• **THE TASK**: Copy out every line of the material below, character for character, apart from the pictures.

————

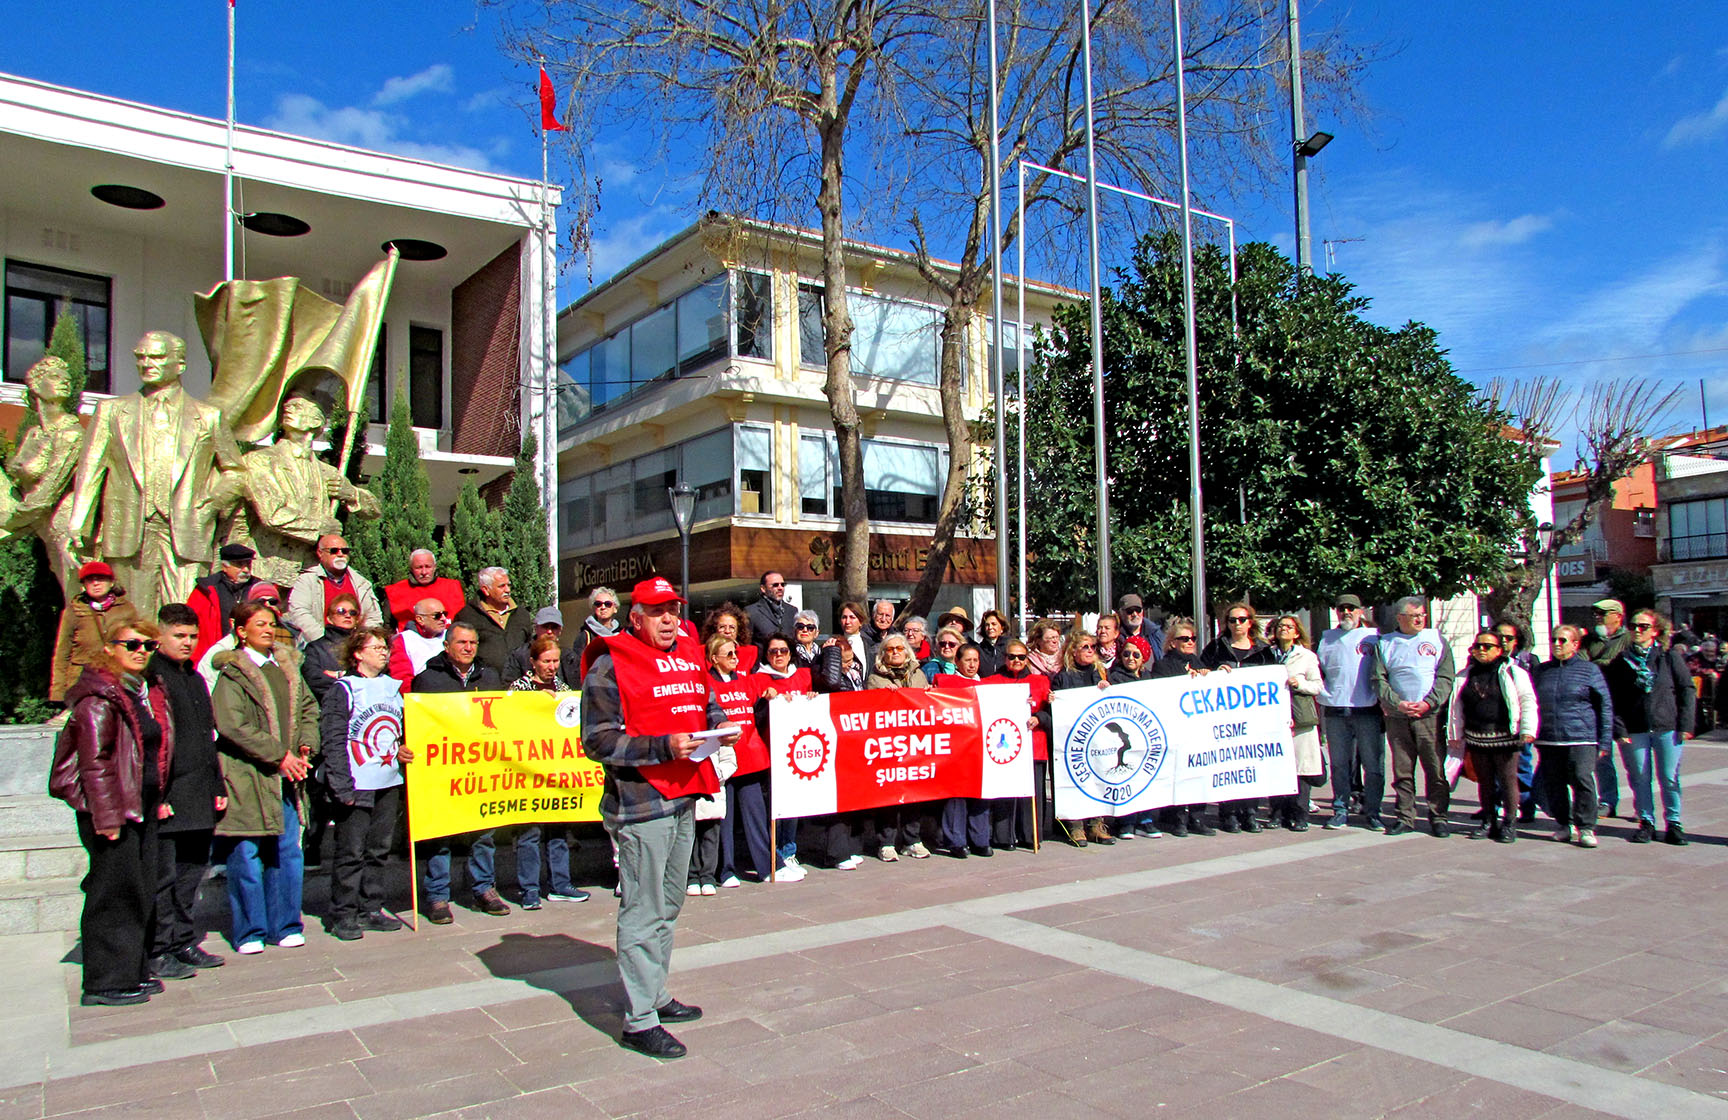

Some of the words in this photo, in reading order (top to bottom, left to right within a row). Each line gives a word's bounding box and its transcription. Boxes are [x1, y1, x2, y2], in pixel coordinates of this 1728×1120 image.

[583, 561, 619, 586] Garanti
[619, 552, 656, 581] BBVA
[1558, 560, 1585, 577] OES
[653, 680, 695, 698] EMEKLİ
[1179, 681, 1280, 718] ÇEKADDER
[839, 713, 870, 732] DEV
[875, 705, 975, 730] EMEKLİ-SEN
[1073, 712, 1099, 745] KADIN
[1097, 702, 1153, 730] DAYANIŞMA
[1212, 721, 1248, 741] ÇEŞME
[863, 733, 952, 765] ÇEŞME
[1187, 750, 1218, 768] KADIN
[1219, 742, 1284, 763] DAYANIŞMA
[875, 763, 936, 787] ŞUBESİ
[1070, 746, 1092, 783] ÇEŞME
[1212, 766, 1257, 788] DERNEĞİ
[449, 768, 526, 796] KÜLTÜR
[533, 766, 605, 788] DERNEĞ
[1103, 784, 1132, 802] 2020
[479, 800, 527, 818] ÇEŞME
[531, 794, 583, 813] ŞUBESİ

————

• **TASK RESPONSE**:
Some of the words in this photo, in reading order (top to bottom, left to right within a row). Each line gives a word's bounding box and its transcription. Boxes are [x1, y1, x2, y2], in pixel coordinates of this 1728×1120 image.

[583, 561, 619, 586] Garanti
[619, 552, 656, 581] BBVA
[1558, 560, 1585, 577] OES
[653, 680, 695, 698] EMEKLİ
[1179, 681, 1280, 718] ÇEKADDER
[839, 713, 870, 732] DEV
[875, 705, 975, 730] EMEKLİ-SEN
[1073, 712, 1099, 745] KADIN
[1097, 702, 1153, 730] DAYANIŞMA
[1212, 721, 1248, 741] ÇEŞME
[863, 733, 952, 765] ÇEŞME
[1187, 750, 1218, 768] KADIN
[1219, 742, 1284, 763] DAYANIŞMA
[875, 763, 936, 787] ŞUBESİ
[1070, 746, 1092, 783] ÇEŞME
[1212, 766, 1257, 788] DERNEĞİ
[449, 768, 526, 796] KÜLTÜR
[533, 766, 605, 788] DERNEĞ
[1103, 784, 1132, 802] 2020
[479, 800, 527, 818] ÇEŞME
[531, 794, 583, 813] ŞUBESİ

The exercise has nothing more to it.